Comprehensive analysis of PD-L1 in non-small cell lung cancer with emphasis on survival benefit, impact of driver mutation and histological types, and archival tissue

Background The aim of the study was to assess programmed death-ligand-1 (PD-L1) expression in different histological types and gene mutation status of patients with non-small cell lung cancer (NSCLC). Methods A total of 4062 pathology-confirmed lung cancer patients were retrospectively screened at Kaohsiung Chang Gung Memorial Hospital from November 2010 to June 2017. There were 699 NSCLC patients with confirmed PD-L1 expression level retrospectively enrolled for analysis. Results There was a trend of higher PD-L1 expression in squamous cell carcinoma and adenosquamous cell carcinoma than in adenocarcinoma (p = 063). Significant higher PD-L1 expression in EGFR wild-type was noted (p < 0.001). No significant differences in PD-L1 expression were found between ALK wild- and mutant types, but there seem was a trend of high PD-L1 level noted in ALK mutation patients (p = 0.069).

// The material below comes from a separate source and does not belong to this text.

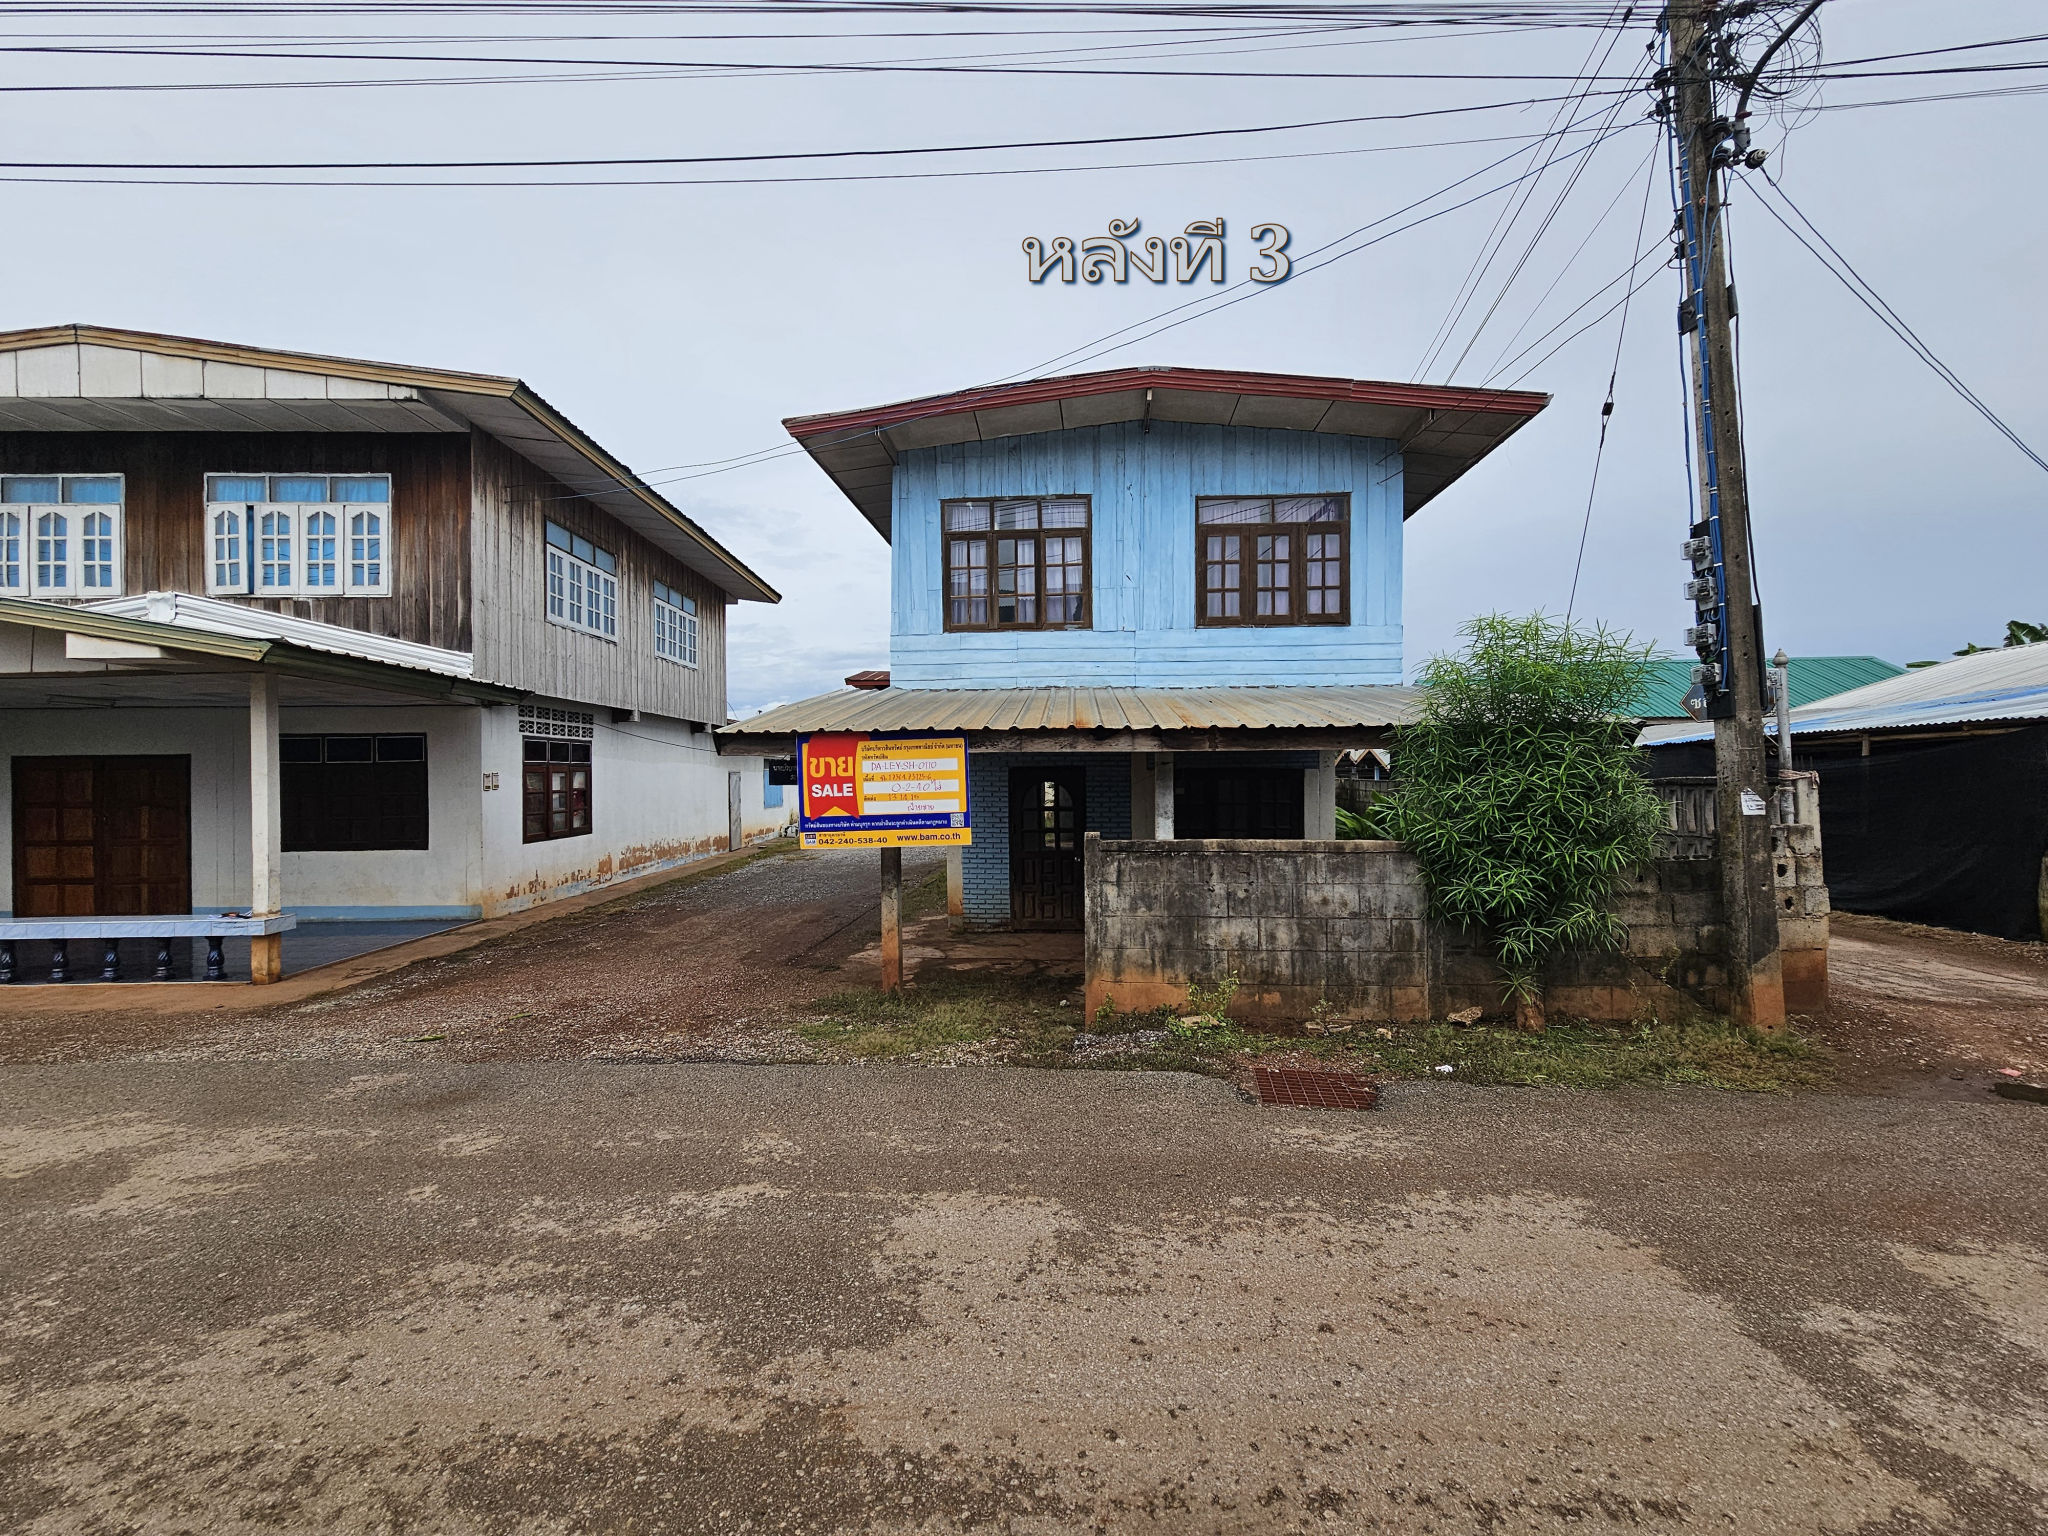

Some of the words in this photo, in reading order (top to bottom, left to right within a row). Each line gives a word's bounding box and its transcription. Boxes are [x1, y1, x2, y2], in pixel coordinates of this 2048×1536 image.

In EGFR mutation patients, a higher time to treatment failure (TTF) duration was observed in no PD-L1 expression (p = 0.011). Longer tumor tissue storage time correlated with lower PD-L1 expression in lung cancer (p < 0.001 for linear trend). Conclusions There were a trend or significant differences in PD-L1 expression between different histological types in NSCLC, different EGFR and ALK status, and different tumor tissue storage time. A higher survival benefit was observed in no PD-L1 expression than with PD-L1 expression in adenocarcinoma, EGFR and ALK mutation patients. We recommend that PD-L1 assay should be performed as early as possible if tissue is available.